Physics-Informed Neural Networks for Shell Structures
This offers a simplified alternative to finite element methods for engineers dealing with shell structures, but it is incremental as it adapts PINNs to a non-Euclidean domain.
The paper tackles the challenge of modeling thin shell structures by proposing a Physics-Informed Neural Network (PINN) to predict small-strain responses, showing it accurately matches ground truth in benchmarks like the Scordelis-Lo roof, though training time increases in thin-thickness limits.

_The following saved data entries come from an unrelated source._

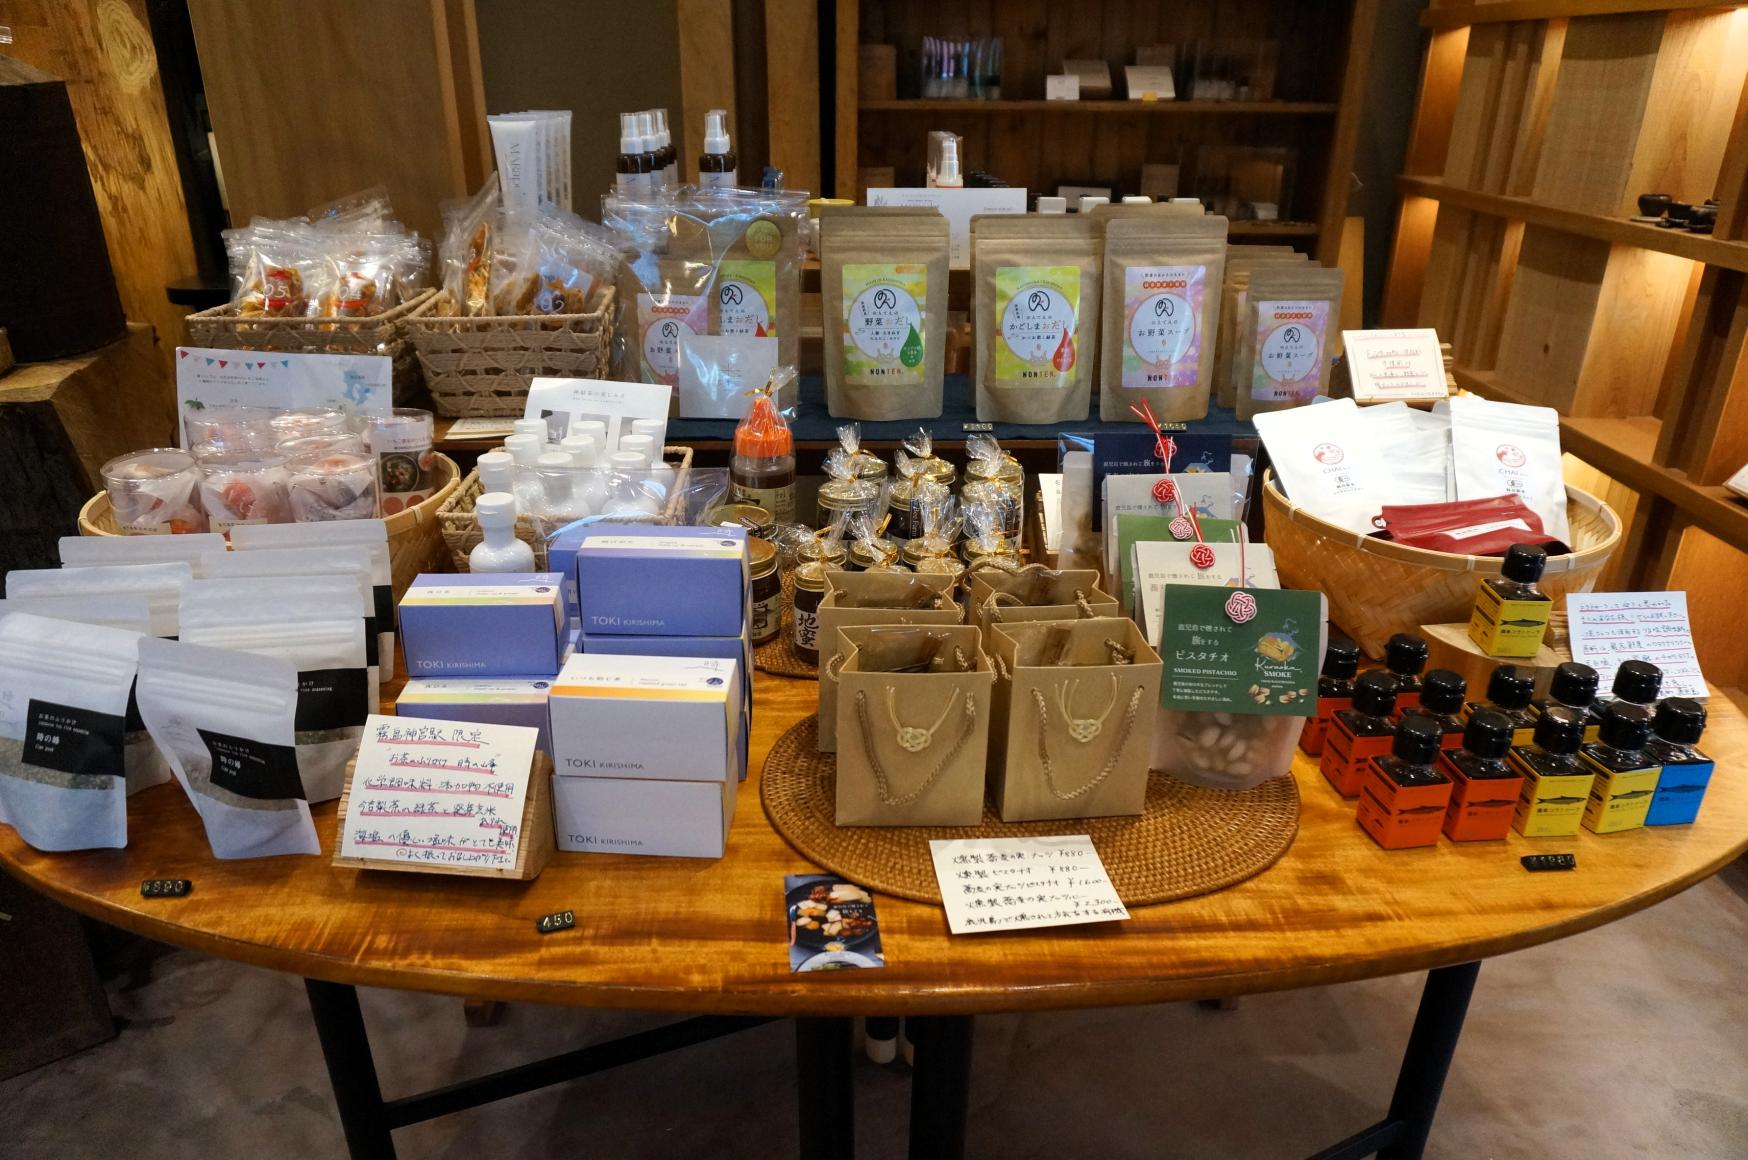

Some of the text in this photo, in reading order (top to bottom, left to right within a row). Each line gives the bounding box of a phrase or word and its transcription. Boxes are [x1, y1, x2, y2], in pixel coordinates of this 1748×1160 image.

[591, 616, 621, 626] TOKI
[1175, 650, 1230, 663] ピスタチオ
[416, 660, 486, 669] TOKI KIRISHIMA
[1173, 667, 1238, 677] SMOKED PISTACHIO
[565, 758, 645, 770] TOKI KIRISHIMA
[568, 834, 643, 846] TOKI KIRISHIMA

The numerical modeling of thin shell structures is a challenge, which has been met by a variety of finite element (FE) and other formulations -- many of which give rise to new challenges, from complex implementations to artificial locking. As a potential alternative, we use machine learning and present a Physics-Informed Neural Network (PINN) to predict the small-strain response of arbitrarily curved shells. To this end, the shell midsurface is described by a chart, from which the mechanical fields are derived in a curvilinear coordinate frame by adopting Naghdi's shell theory. Unlike in typical PINN applications, the corresponding strong or weak form must therefore be solved in a non-Euclidean domain. We investigate the performance of the proposed PINN in three distinct scenarios, including the well-known Scordelis-Lo roof setting widely used to test FE shell elements against locking. Results show that the PINN can accurately identify the solution field in all three benchmarks if the equations are presented in their weak form, while it may fail to do so when using the strong form. In the thin-thickness limit, where classical methods are susceptible to locking, training time notably increases as the differences in scaling of the membrane, shear, and bending energies lead to adverse numerical stiffness in the gradient flow dynamics. Nevertheless, the PINN can accurately match the ground truth and performs well in the Scordelis-Lo roof benchmark, highlighting its potential for a drastically simplified alternative to designing locking-free shell FE formulations.